I am not here by mistake. This is not random. This is just as intentional as it is strategic.
“I teach because I need you to see a visual representation of what you can be…and what you can be better than.” — Yinde Newby, author and educator
Allow me to break this down a little bit.
“…what you can be…and what you can be better than.”
Me teaching, winter 2018
Please don’t for a second think I’m only here teaching you so you can see that you can be like me. Why would I place such limits on you and your beautiful mind? Why would I shame our ancestors, bound by the burdens of slavery and institutional racism, by curbing the leaps and bounds they’ve made for you…the hopes and dreams you were made for? I want you to see you in me and I want you to do bigger and better. I want you to surpass, to transcend, to outshine anything I’ve ever done or ever could do. Don’t see me as the goal or the limit, but rather, see me as the standard. The stepping stone. I want to give you a leg up, but only if you let me.
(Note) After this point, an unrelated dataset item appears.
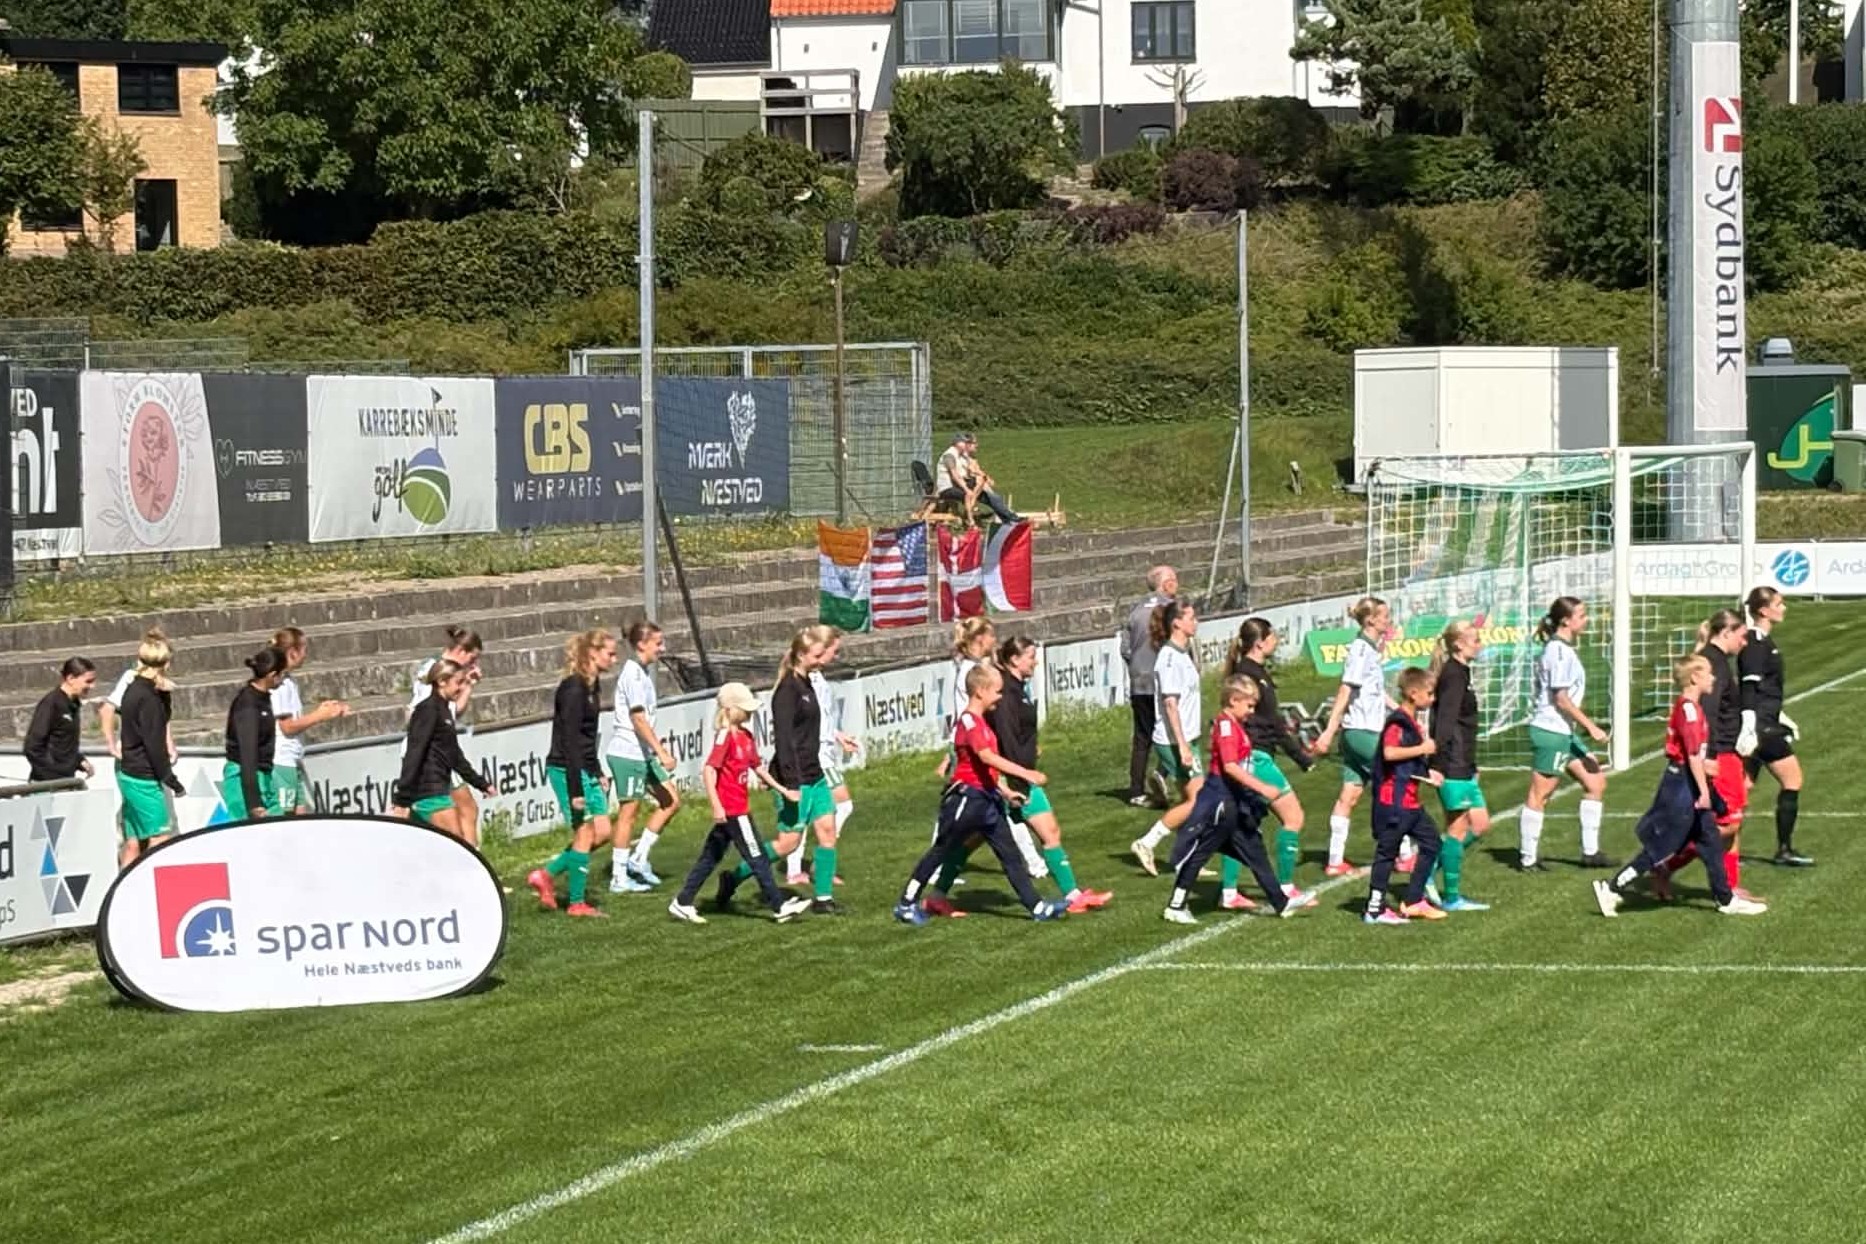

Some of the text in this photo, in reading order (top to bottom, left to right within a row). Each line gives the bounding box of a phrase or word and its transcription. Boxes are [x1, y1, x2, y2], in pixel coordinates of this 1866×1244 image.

You may not be familiar with the leaps and bounds I’ve had to make to get this seat at the table, but trust me, I didn’t sit here intending to be the only one. I sat here because I was passed the torch and I plan to pass the torch off to whoever is up to taking the seat.
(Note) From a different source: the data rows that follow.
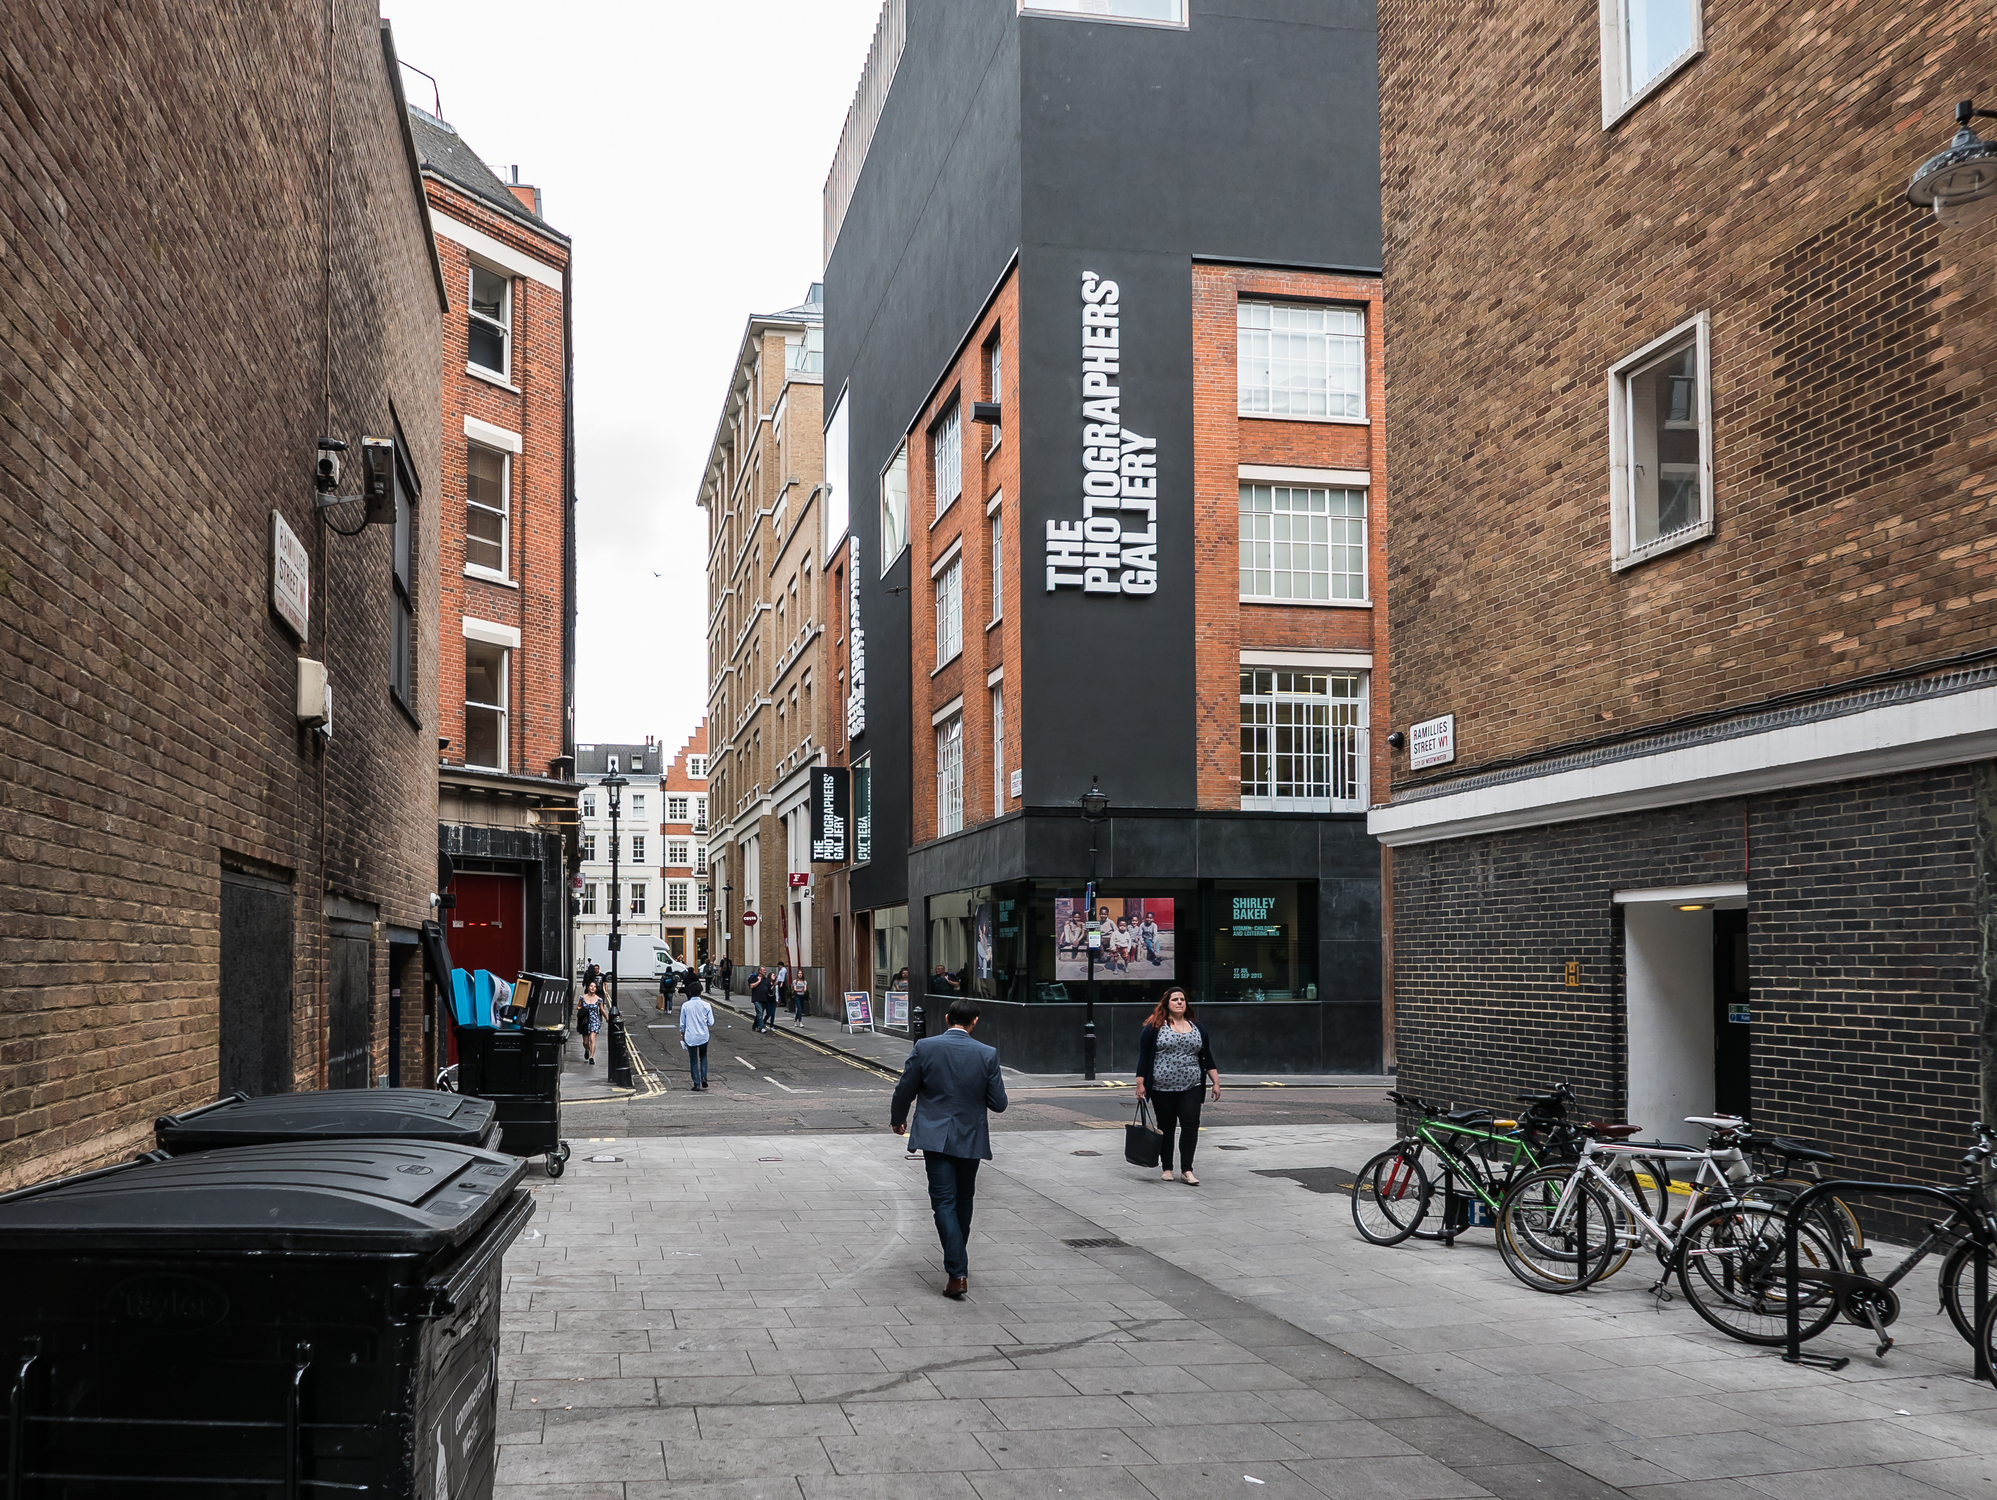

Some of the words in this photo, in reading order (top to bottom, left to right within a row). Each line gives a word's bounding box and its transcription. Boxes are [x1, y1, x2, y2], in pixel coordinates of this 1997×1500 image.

[1081, 270, 1121, 593] PHOTOGRAPHERS'
[1120, 427, 1158, 595] GALLERY
[1046, 519, 1083, 592] THE
[1413, 721, 1448, 741] RAMILLIES
[1413, 738, 1436, 755] STREET
[1438, 735, 1448, 748] W1
[823, 773, 834, 860] PHOTOGRAPHERS'
[834, 815, 844, 860] GALLERY
[813, 839, 824, 859] THE
[1232, 897, 1275, 909] SHIRLEY
[1233, 909, 1267, 920] BAKER
[456, 1361, 491, 1436] commercial
[462, 1415, 479, 1459] waste
“…I teach because I need you”
The journey has been far from easy, and it’s far from over. You think you need me, but truth is, I need you. I need you to let me know it was all worth it, that I’m supposed to be here. I need you to justify what I’ve been through.
the dream killers
the “you’re not supposed to be here” stares and micro aggressions
the long nights, the sacrifice
giving college the last 10 plus years of my life
the failures, the questioning of what I’m doing and
who I am
And making God laugh with my own so-called “plans”
tests on material I don’t even remember to get to places I’ll never forget
climbing mountains to help people climb I don’t even know yet
Let me know.
This one is for the scholars, the ancestors and their successors.